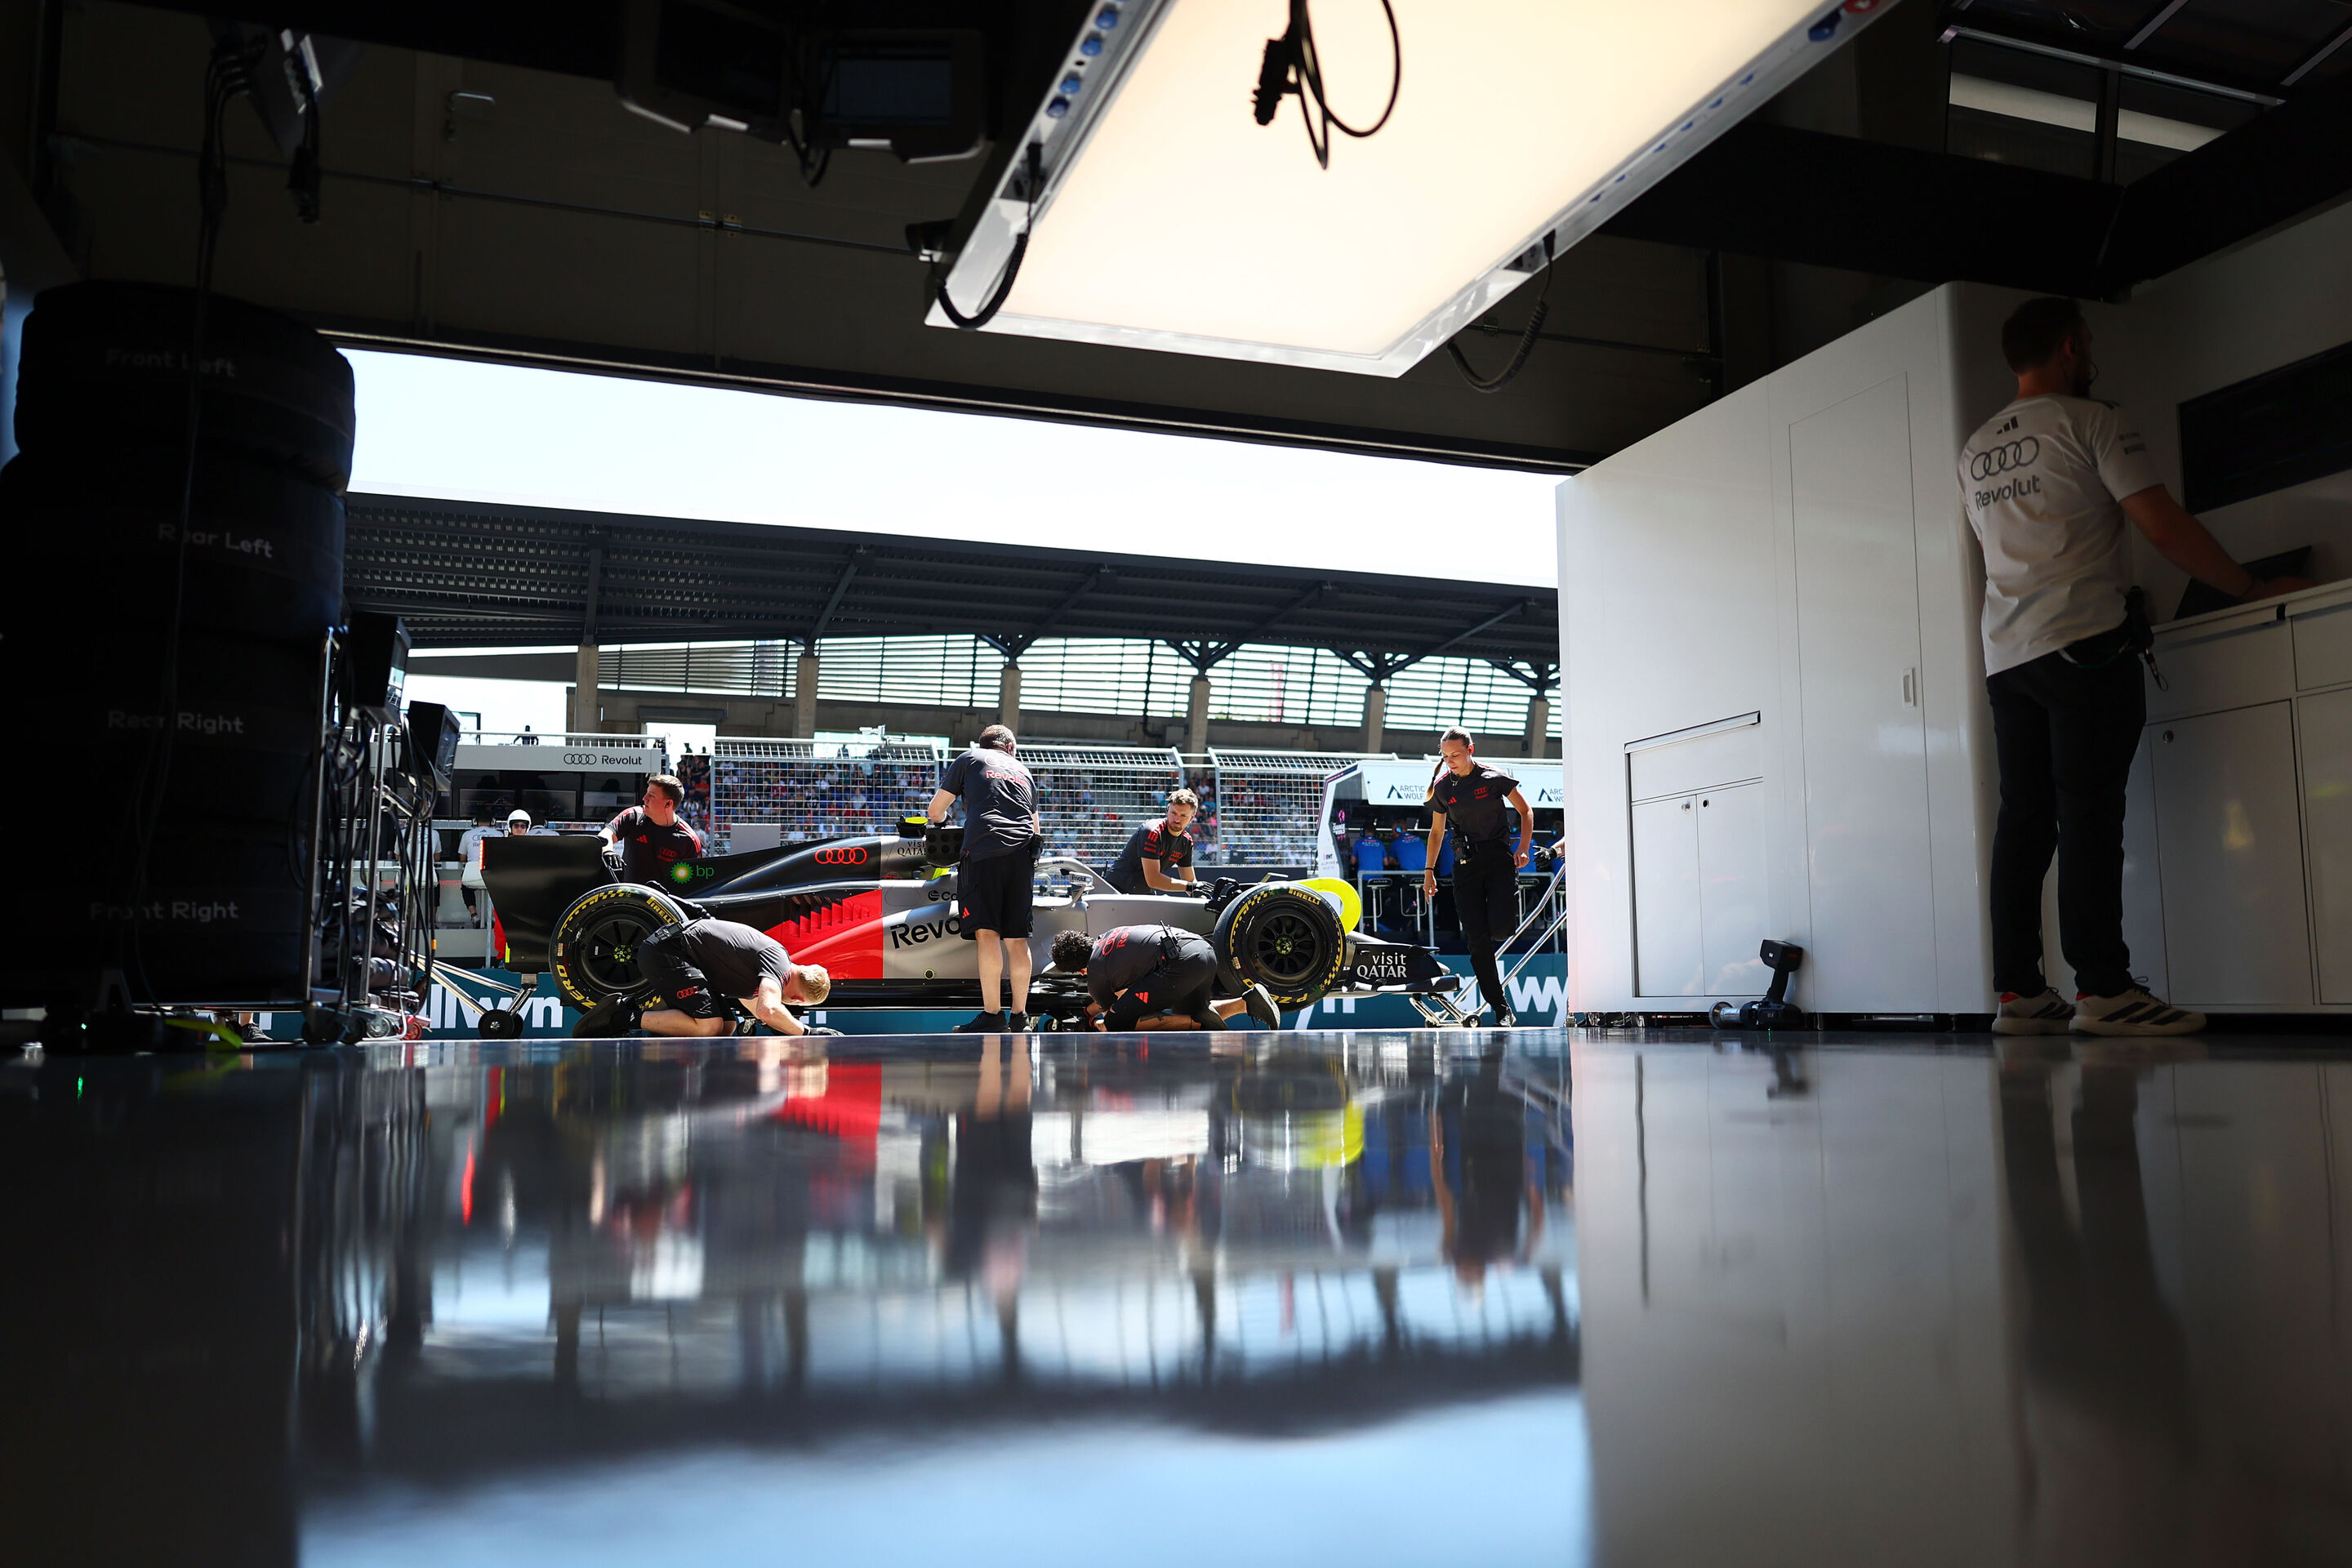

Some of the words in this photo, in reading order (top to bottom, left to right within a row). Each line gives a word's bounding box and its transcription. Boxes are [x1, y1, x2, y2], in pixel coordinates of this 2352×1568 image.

[1975, 474, 2041, 511] Revolut
[225, 531, 274, 559] Left
[176, 712, 244, 735] Right
[601, 755, 642, 765] Revolut
[696, 865, 715, 880] bp
[1289, 888, 1321, 906] PIRELLI
[172, 901, 239, 923] Right
[646, 896, 679, 924] PIRELL
[1372, 951, 1407, 965] visit
[1356, 964, 1407, 979] QATAR

> _WHAT NEEDS TO BE DONE_
Give back the records word for word, without their pictures.

> _EXERCISE RESULT_
Some of the words in this photo, in reading order (top to bottom, left to right within a row). Each line gives a word's bounding box and its transcription. Boxes are [x1, y1, x2, y2], in pixel coordinates of this 2352×1568 image.

[1975, 474, 2041, 511] Revolut
[225, 531, 274, 559] Left
[176, 712, 244, 735] Right
[601, 755, 642, 765] Revolut
[696, 865, 715, 880] bp
[1289, 888, 1321, 906] PIRELLI
[172, 901, 239, 923] Right
[646, 896, 679, 924] PIRELL
[1372, 951, 1407, 965] visit
[1356, 964, 1407, 979] QATAR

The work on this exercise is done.